Richard Flanagan, der mit dem Booker-Preis ausgezeichnete australische Autor, der am besten für The Narrow Road to the Deep North bekannt ist, besuchte kürzlich Sydney für ein Brunch im Bills in Surry Hills, einem Ort, der oft von namhaften Persönlichkeiten frequentiert wird.
Er überspringt normalerweise früh am Tag die Mahlzeiten und entscheidet sich stattdessen für ein leichtes Mittagessen, von dem er glaubt, dass es ihm hilft, seine Energie zu bewahren. Diese Gewohnheit, so erklärte er, ist bei vielen Autoren üblich, die feststellen, dass zu früh zu essen zu einem Rückgang der Konzentration und Ausdauer führen kann. Trotz seiner gewohnten Vorliebe für Einfachheit fand sich Flanagan jedoch in einer vertrauten Umgebung wieder: dem belebten Brunchplatz, an dem er oft Kaffee und Gespräch besucht.
Doch statt sich der aufwendigen Speisekarte hinzugeben, wählte Flanagan eine bescheidenere Option, Toast mit Marmelade. Diese Wahl überraschte sowohl die Mitarbeiter als auch seinen Interviewer, der angenommen hatte, dass er die berühmten Pfannkuchen bestellen würde, die Prominente wie Oprah Winfrey in die Einrichtung gezogen haben. "Ich denke immer, ich sollte die Pfannkuchen haben", gab Flanagan zu und räumte die Erwartungen seiner Leser ein. "Ich habe sie nie gehabt". Er scherzte, dass seine Entscheidung die Augenbrauen der Fans aufwerfen könnte, die erwarten, dass ihre literarischen Ikonen sich den feineren Dingen hingeben. Trotz seines bescheidenen Essens war Flanagans Anwesenheit bei Bills alles andere als unbemerkenswert.

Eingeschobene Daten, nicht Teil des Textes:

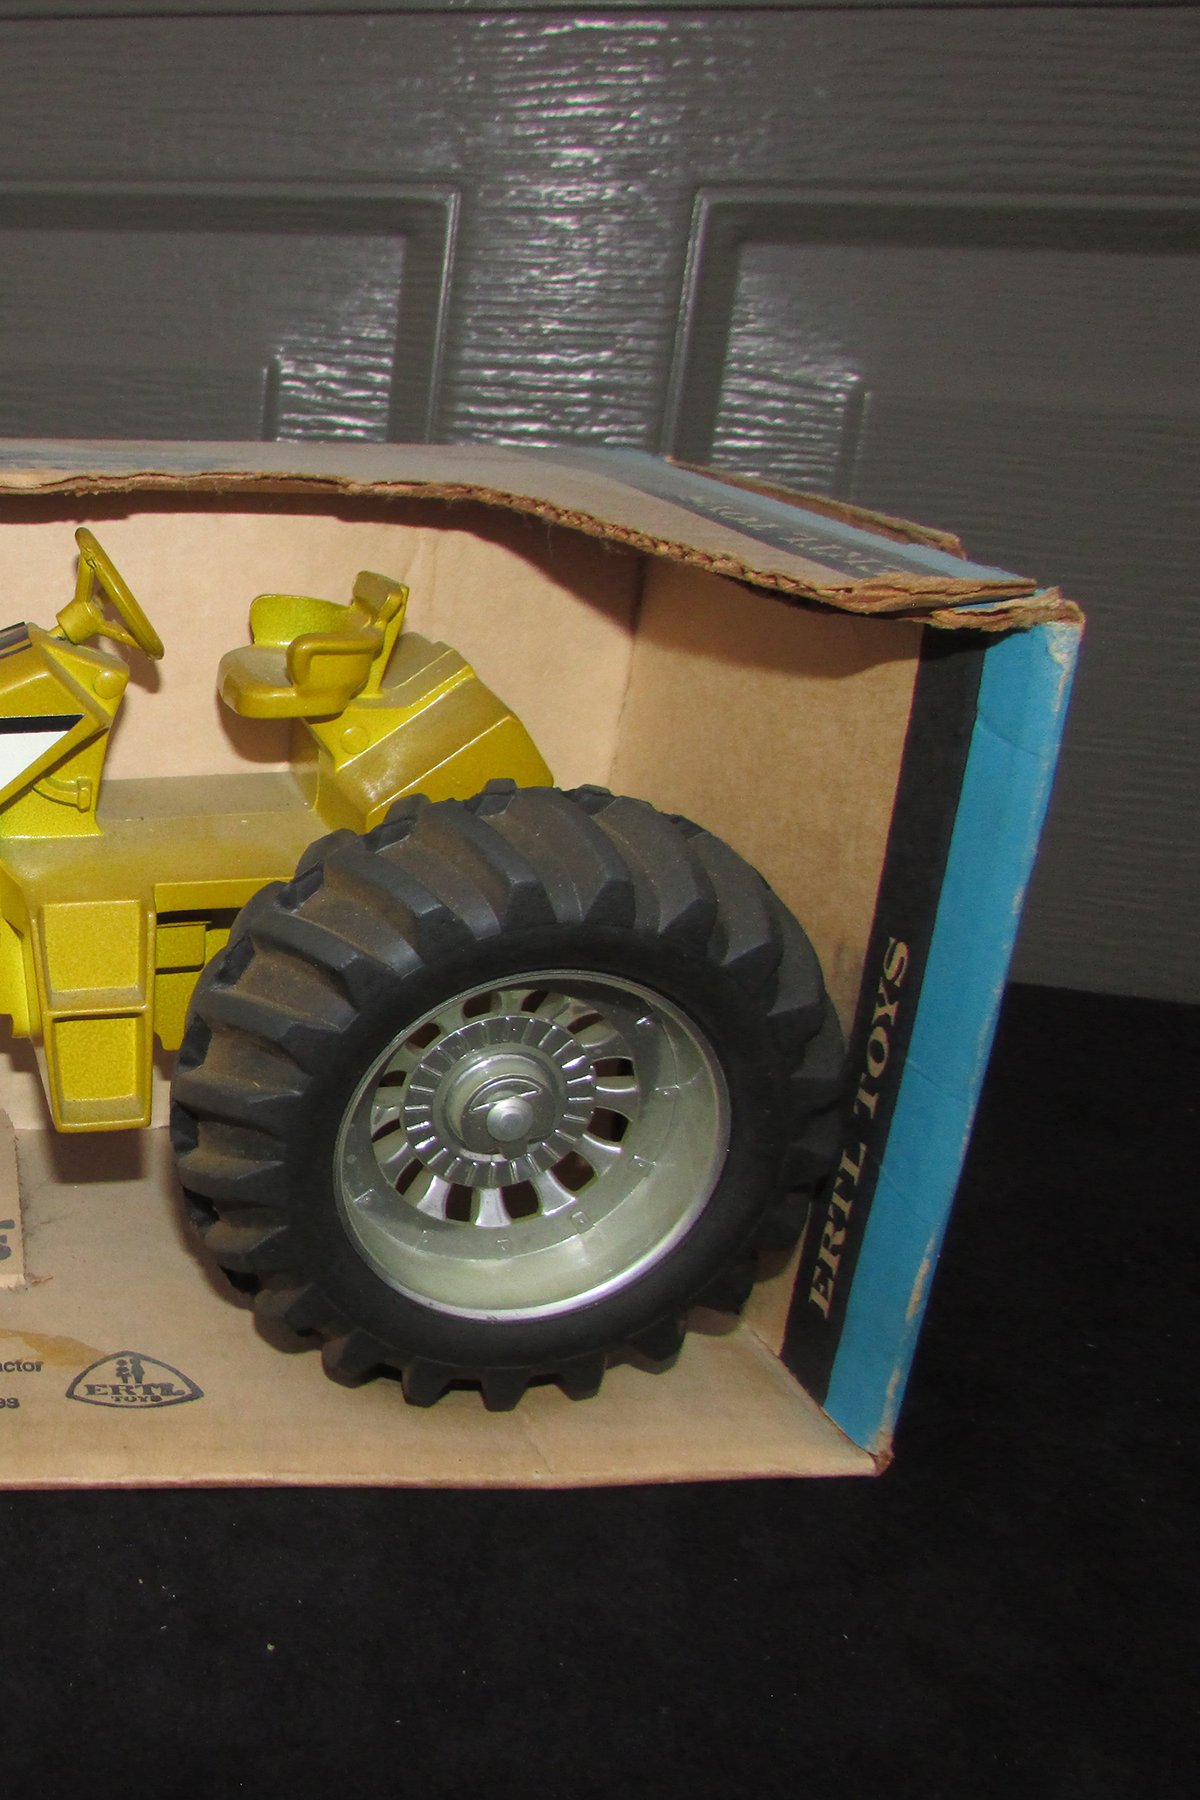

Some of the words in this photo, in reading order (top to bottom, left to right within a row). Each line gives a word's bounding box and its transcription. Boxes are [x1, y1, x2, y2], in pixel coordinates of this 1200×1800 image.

Flanagan, der sich immer selbst herablassende Humorist, bemerkte die Ironie, an einem Ort, an dem er sich für den einfachsten Tarif entschieden hatte, als "nationaler Schatz" bezeichnet zu werden. Er bemerkte mit einem Glanz in den Augen. Seine Kommentare waren mit einer ironischen Anerkennung des Gewichts verbunden, das solche Titel tragen. Obwohl er sich selbst noch nie als Nationalschatz bezeichnet hatte, schlug er vor, dass sich die Mitarbeiter von Bills möglicherweise auf Fotos verlassen hätten, um seinen Status zu erhöhen. Dennoch war die Begegnung weit davon entfernt, feierlich zu sein.
Flanagan bestellte Quince Bellinis, gepochtes Quince gepaart mit Prosecco, mit einem Gefühl der Verlassenheit, um den Moment mit charakteristischem Flair zu umarmen. Während des Brunches besprach Flanagan eine Reihe von Themen, von seinen Erfahrungen mit künstlicher Intelligenz bis hin zu breiteren Reflexionen über Literatur und Gesellschaft. Sein Intellekt und seine Beredsamkeit waren offensichtlich, und er zeigte ein tiefes Engagement für die Themen, die er behandelte. Das Gespräch wandte sich von philosophischen Gedanken zu praktischen Überlegungen und enthüllte einen Geist, der ständig in Bewegung ist. Flanagans Besuch bei Bills unterstrich das empfindliche Gleichgewicht, das er zwischen öffentlichem und privatem Leben aufrechterhält.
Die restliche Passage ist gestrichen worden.